WHAT TO DO >>
Copy every record exactly. Nothing may be skipped.

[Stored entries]
━━━━━━
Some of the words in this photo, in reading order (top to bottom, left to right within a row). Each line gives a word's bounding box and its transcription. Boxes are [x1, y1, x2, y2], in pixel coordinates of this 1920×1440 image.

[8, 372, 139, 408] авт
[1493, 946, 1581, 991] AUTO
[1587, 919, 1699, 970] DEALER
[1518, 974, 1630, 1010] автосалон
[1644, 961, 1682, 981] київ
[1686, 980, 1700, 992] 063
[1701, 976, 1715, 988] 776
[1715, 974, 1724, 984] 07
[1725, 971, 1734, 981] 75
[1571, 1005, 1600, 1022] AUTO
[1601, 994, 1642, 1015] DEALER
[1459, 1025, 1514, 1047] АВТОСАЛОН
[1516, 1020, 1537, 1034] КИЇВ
━━━━━━
ANSWER AREA >>
Some of the words in this photo, in reading order (top to bottom, left to right within a row). Each line gives a word's bounding box and its transcription. Boxes are [x1, y1, x2, y2], in pixel coordinates of this 1920×1440 image.

[8, 372, 139, 408] авт
[1493, 946, 1581, 991] AUTO
[1587, 919, 1699, 970] DEALER
[1518, 974, 1630, 1010] автосалон
[1644, 961, 1682, 981] київ
[1686, 980, 1700, 992] 063
[1701, 976, 1715, 988] 776
[1715, 974, 1724, 984] 07
[1725, 971, 1734, 981] 75
[1571, 1005, 1600, 1022] AUTO
[1601, 994, 1642, 1015] DEALER
[1459, 1025, 1514, 1047] АВТОСАЛОН
[1516, 1020, 1537, 1034] КИЇВ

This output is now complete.